What had I achieved? Some of those kids would probably
make amazing bank robbers! I find the Education system
is leading up a dead end. It is not leading us where
we need to be. It has been redesigned and I think
that
we will find in the process of putting it into action,
whether it is any good or not. We, as a country,
are
involved in various processes - hoping to fashion a
better Society for everyone to live in. Artists have
a vital role to play in that - not just Visual Artists
but Artists at all levels. What we do should be seen
as being part of a creative process that Society
can
become involved in.
Can you
tell us about this series of paintings?
This series is entitled
Domestic Baggage. It started with preparatory sketches.......like
drawings in the margin and an image that was repeatedly
coming up was that of a suitcase, or luggage. I took
that image......in each was a container with a handle,
something transportable that we take with us. So the
handle tends to feature in most of these particular
paintings.In this one handle is off - It has been disconnected.
Hopefully it can be reconnected and taken to where it
needs to be taken to.Most of these paintings are about
disharmony - a potential for reconnection. Not an easy
reconnection for the flex has been severed........Working
towards those things are never easy. I think that we
have come to realise that working for the transformation
of South Africa is not an overnight thing. It needs
more than money, more than material things - a kind
of well directed energy witheveryone working towards
a common goal.
When the
Country was moving towards getting rid of Apartheid,
if politics had gone the wrong way it would have been
potentially cataclysmic. How did you feel within your
work?
One had forebodings of
doom and trying to tune in with what was happening.....what
was the pulse like?........ When Chris Hani was killed
that was an enormous let down and we did not want
to
feel that this was the beginning of all the crap that
was hanging in the winds. So far it's been o.k. because
the positive forces have been able to survive and
push
ahead. That was largely due to Mandela, the President,
himself. He personifies positive energy. He has no
bitterness
and is like a living exemplar for the whole Country.
What happens
when Mandela dies?
That is difficult. They
are putting in place the structures that will move the
system forward.
You mentioned
Mandela's ability to forgive past crimes.
If you look at people in
areas where they live in extreme hardship. Those people
are able to laugh. I have great respect for a beggar
on the street who can laugh. He cannot take the next
plane out of here. He is living life on the edge and
that's the barometer for me. Forgiveness is important
for me. We have had Amnesty Hearings: The Truth Commission
has been sitting now for close on two and a half years
and that's where we have been seeing these kinds of
extreme situations, where the families have had to forgive
the perpetrators of extreme violence against them. Where
members of families have been killed they have been
happy to forgive them. We have a situation now where
Matthew Pausa, the Premier of the Northwest Province,
has said he is willing to forgive an amnesty seeker
who has tried to assassinate him. That's what is absolutely
necessary.
(How does
Randy Hartzenburg respond to the social fabric he describes
within his Artmaking?) He is making a video as part
of a piece of Performance art and describes it in detail........
We have a bucket of lime.
Inside and underneath the lime we have half a loaf of
bread with a bird in it.What happened was, I arrived
home one afternoon and saw a tiny bird hanging tragically
by a single thread which had choked it to death; probably
the thread from a kite a child had been flying. The
bird was hanging from a tree entangled in a thread.
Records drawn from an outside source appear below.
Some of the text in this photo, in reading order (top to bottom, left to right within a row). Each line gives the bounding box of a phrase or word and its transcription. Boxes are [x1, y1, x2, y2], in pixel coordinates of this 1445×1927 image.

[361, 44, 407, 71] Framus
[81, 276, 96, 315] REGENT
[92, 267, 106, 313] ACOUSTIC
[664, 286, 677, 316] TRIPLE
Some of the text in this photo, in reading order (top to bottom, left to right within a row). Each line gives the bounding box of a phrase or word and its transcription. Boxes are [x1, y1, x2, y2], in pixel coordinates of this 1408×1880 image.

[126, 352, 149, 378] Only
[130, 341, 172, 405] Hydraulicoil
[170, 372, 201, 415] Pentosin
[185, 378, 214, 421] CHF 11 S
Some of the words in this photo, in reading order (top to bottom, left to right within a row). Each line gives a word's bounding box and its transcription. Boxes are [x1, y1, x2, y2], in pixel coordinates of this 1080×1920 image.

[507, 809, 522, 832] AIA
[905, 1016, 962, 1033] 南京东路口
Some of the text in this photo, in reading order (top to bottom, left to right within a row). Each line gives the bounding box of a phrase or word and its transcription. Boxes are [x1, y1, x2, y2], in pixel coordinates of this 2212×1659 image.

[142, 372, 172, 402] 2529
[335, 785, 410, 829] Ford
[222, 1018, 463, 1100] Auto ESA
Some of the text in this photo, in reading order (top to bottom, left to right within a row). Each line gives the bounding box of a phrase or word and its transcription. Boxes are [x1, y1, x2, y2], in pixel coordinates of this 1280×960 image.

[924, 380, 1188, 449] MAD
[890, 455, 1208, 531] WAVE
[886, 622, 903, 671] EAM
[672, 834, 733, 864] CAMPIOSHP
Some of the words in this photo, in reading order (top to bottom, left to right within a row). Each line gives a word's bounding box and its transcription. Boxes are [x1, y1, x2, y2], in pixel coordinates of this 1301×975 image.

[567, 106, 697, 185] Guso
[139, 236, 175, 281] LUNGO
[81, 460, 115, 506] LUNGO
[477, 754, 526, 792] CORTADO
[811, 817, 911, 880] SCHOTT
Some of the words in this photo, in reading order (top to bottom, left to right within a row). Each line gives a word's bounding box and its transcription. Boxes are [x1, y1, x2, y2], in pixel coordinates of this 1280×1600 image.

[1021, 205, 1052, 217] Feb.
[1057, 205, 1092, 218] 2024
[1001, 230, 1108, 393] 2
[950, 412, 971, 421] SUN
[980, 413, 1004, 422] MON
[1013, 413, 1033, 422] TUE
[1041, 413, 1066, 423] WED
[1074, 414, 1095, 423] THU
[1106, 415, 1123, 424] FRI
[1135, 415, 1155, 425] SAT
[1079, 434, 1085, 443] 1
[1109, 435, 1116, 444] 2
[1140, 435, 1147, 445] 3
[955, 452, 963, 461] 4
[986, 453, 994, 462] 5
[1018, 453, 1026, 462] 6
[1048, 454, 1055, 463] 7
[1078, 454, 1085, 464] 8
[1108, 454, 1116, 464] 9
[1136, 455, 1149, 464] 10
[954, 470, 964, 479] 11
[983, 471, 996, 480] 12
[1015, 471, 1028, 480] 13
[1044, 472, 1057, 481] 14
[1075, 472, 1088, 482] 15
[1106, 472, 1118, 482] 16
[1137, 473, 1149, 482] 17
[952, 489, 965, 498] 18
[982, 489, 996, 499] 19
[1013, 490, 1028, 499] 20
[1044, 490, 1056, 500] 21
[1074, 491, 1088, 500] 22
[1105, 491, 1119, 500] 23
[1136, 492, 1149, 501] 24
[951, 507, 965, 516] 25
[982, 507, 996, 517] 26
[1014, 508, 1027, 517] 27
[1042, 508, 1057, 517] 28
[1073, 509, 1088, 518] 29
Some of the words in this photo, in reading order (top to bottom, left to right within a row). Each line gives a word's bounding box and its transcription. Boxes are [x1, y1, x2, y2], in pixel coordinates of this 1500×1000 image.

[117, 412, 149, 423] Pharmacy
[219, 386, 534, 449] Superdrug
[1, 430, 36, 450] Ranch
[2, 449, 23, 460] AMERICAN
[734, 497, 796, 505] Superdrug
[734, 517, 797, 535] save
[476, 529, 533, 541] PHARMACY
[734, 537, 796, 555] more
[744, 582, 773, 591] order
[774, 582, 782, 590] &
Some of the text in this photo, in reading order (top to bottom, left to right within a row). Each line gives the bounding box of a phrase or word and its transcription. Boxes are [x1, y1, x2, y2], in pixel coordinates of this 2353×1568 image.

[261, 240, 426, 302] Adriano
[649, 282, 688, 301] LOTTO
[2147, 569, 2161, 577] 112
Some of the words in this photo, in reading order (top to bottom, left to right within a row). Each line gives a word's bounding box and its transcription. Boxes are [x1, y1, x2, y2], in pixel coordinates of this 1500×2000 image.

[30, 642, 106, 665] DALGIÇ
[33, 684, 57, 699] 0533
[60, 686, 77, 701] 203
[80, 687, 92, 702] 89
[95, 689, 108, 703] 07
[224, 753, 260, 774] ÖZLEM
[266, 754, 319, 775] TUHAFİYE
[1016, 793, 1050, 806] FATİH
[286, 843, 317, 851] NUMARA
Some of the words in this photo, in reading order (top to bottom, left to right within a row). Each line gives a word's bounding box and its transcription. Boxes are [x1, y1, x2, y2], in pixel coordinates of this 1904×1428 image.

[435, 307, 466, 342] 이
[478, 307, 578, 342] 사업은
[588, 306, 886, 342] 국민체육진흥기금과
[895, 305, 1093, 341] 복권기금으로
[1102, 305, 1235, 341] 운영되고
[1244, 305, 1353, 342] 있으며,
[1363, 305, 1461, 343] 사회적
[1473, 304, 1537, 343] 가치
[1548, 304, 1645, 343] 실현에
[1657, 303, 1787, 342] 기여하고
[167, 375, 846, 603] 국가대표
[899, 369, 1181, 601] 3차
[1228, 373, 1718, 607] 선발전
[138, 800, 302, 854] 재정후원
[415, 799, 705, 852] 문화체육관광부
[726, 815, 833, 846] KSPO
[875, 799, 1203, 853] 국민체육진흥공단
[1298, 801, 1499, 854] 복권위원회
It had probably been strangled so what I did was:
I made contact with a film
maker and we decided to put into sequence, a number
of actions,
- I cut into a loaf of
bread so we had the shell of the bread,
- I then chew the bread
I have taken out of it,
- I put the bread up so
the bird falls into it,
- Cut the thread and fill
the shell of the bread up with the chewed bread,
- Now that half a loaf
of bread with the bird inside is buried inside a bucket
of lime.
That film I'm making is
part of a Performance I will do, I want to project the
Video onto the wall so it will be playing,I pick up
whereI remove the bread in person, in the performance,
from out of the bucket. Then the performance will continue.
Is it an
end product like a finished painting?
One painting leads to another
one. I can see the bucket of lime as a complete object
as it is. I have done another piece of work on Robben
Island with two buckets of salt placed next to each
other, connected by a copper pipe, a conduit inside
a glass case. So I have worked with buckets and this
would not be an unusual object in terms of my 'image
bank'.
In the
performance do you know what will happen next? Improvised
or planned?
There are moments of improvisation
but I do plan them.....Yes. There is a kind of script
in my head and they are repeatable. The last one I did
two years ago, I repeated it four times over six weeks.
So it was the same thing with improvisation.
You have
talked about Art and the Community. How effectively
can Art generally be communicated to that Society?
That is one of the questions.
One of the greatest learning experiences has been when
one can talk to people, either in the presence of your
work or in retrospect. And in amazement, I have found
that across the spectrum of society, people have a tremendous
respect for Art. They want to talk about it. They want
to know more about it.I don't think Artists necessarily
share this thought I have about it. A lot of them think
that Society does not actually care. Some of us make
Art and some people respond to it. I have found that
the ones who do respond have a very enquiring mind.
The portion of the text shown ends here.